Kaleidoscopes come in all shapes and sizes. However, there are four primary parts that all kaleidoscopes share:
· eye piece
· body
· mirror system
· viewing objects
Making a Kaleidoscope
When designing the eye piece, there are three very important items to consider:
· how the eye piece will sit next to the opening and is it safe
· will the scope have a lens to protect the viewer from items in the object chamber from falling out and into the viewer's eye
· If the focal length is less than 7 inches, an optical lens will be needed to help with magnification
Materials that can be used:
Pill bottles:
small-sized for children
Toilet paper and paper towel rolls:
rather flimsy but low in cost
Potato chip cans:
pretty sturdy but takes a lot of reflective space
PVC pipes:
will last forever!
Mailing tubes:
good and sturdy; can find a variety of diameters
Mirrored styrene:
reflects as well as glass; can be cut with heavy scissors or paper cutter
Mirrored acrylic:
good reflection but too big for small kaleidoscopes
Glass mirrors:
heavy but reflects really well
Board covered with foil or silver wrapping paper:
most inexpensive, readily available but  image not clear
End pieces/viewing canisters:-
Transparency film:
for “light source end” rough-up the film with sandpaper; use clear film next to eyehole and “stuff” insert
Clear food plastic containers:
stiffer than transparency film
use translucent glass rather than clear at light source end
Snap caps:
available with pill bottles; makes a good light source end
the smaller the cylinder, the thinner the cardboard: use corrugated for the potato chips can kaleidoscope
Wax paper:
good for light source end but not sturdy, have to use 2-3 layers
Translucent film:
canister allows the changing of “stuff” to view
Small jelly/glitter/lip balm jars:
durable but sometimes too heavy
Condiment cups:
the small cups with lids, less sturdy but can be purchased at low cost
Stuff to view:-                                                                                                        Beads of all kinds, plants, marbles, popcorns, candy, bits of glass, ribbon, foil, bugs, spiders, broken crayons, jewelery, buttons, paper clips, polished rocks, sea shells, feathers, pasta, etc.

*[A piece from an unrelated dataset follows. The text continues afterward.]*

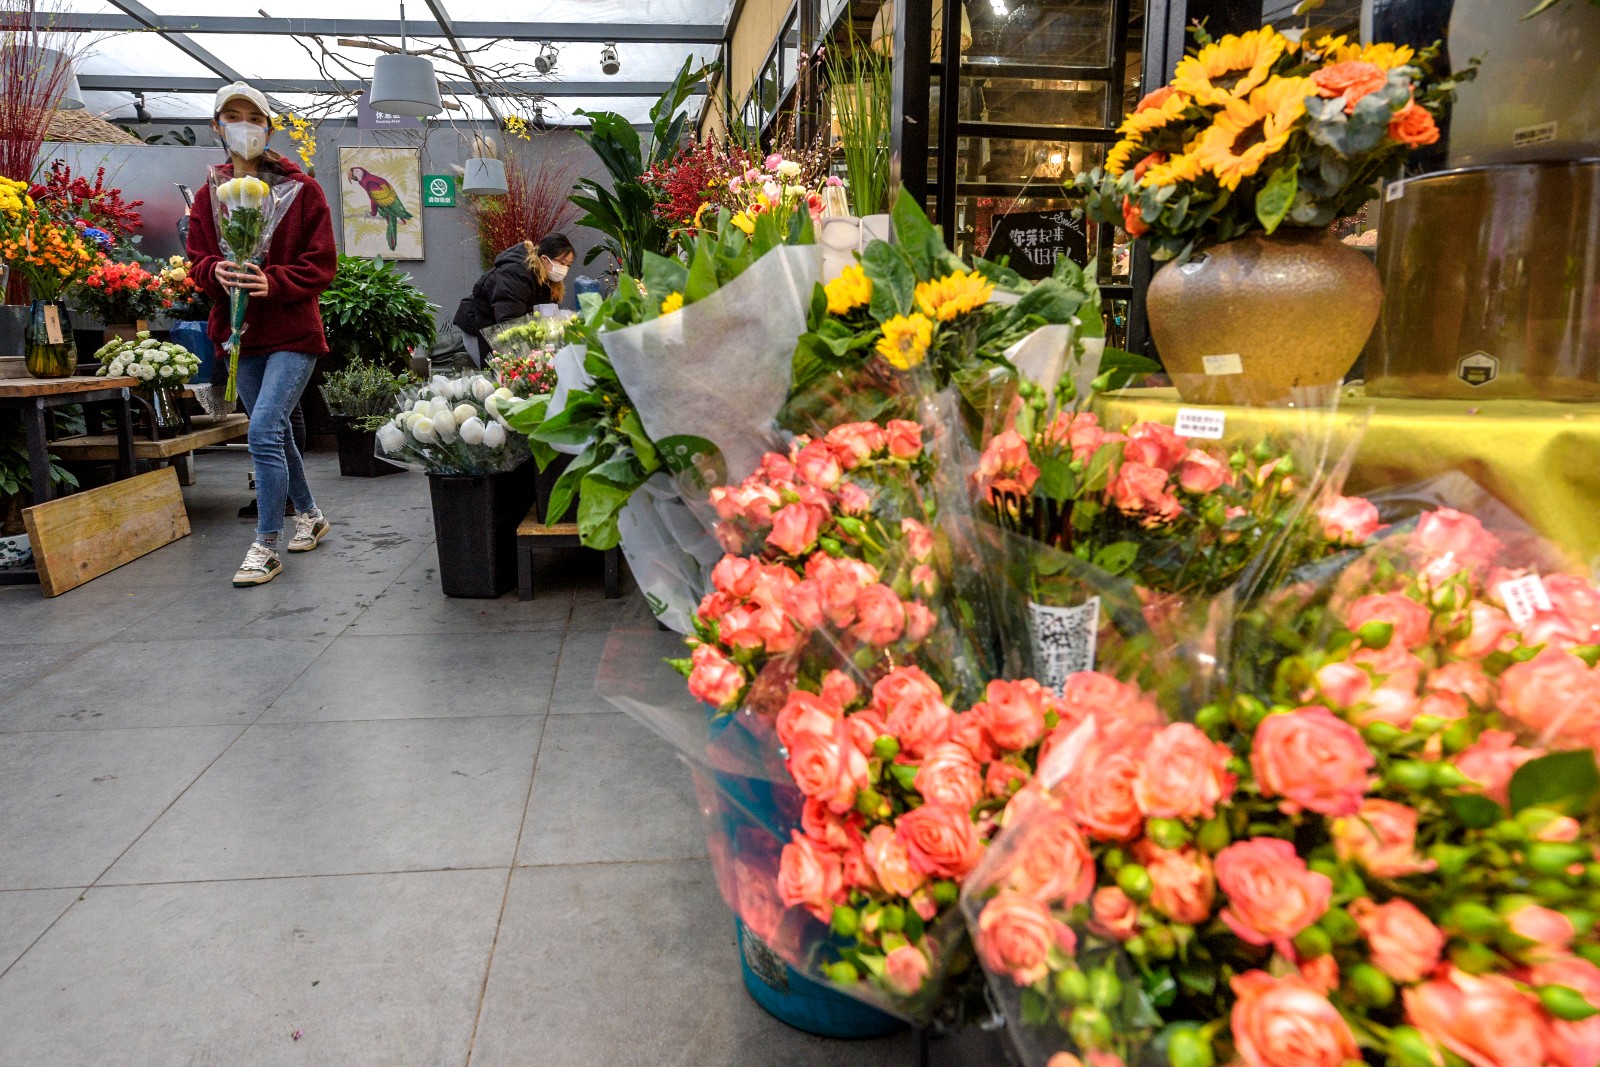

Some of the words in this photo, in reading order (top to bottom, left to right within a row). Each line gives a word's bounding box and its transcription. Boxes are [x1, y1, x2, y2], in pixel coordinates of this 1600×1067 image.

[1053, 211, 1081, 231] Smile
[1009, 226, 1064, 248] 你笑起来

The entire scope must be rotated for the colored pieces to tumble into the different designs. To create a kaleidoscope with an end cap that turns while the body remains stationary is a little trickier. This involves a slightly larger piece of tube for the rotating end cap. The material for a kaleidoscope can vary, depending on what you can find and/or afford. The tube can be a cardboard cylinder found around the home. For a kaleidoscope to last your lifetime, use plastic plumbing pipe (PVC). The round clear pieces can be glass, lenses, clear plastic, or clear acetate. The three reflecting surfaces can be mirror glass, glass painted black on one side, or clear vinyl painted black on one side.
Types of Kaleidoscopes
Mirror Systems
Kaleidoscope Images
Interesting trivia
The colored pieces that go into the end chamber can be almost anything translucent. Don't put too many colored pieces in between the spacers! If you use too many, they don't tumble well and they may block out too much light.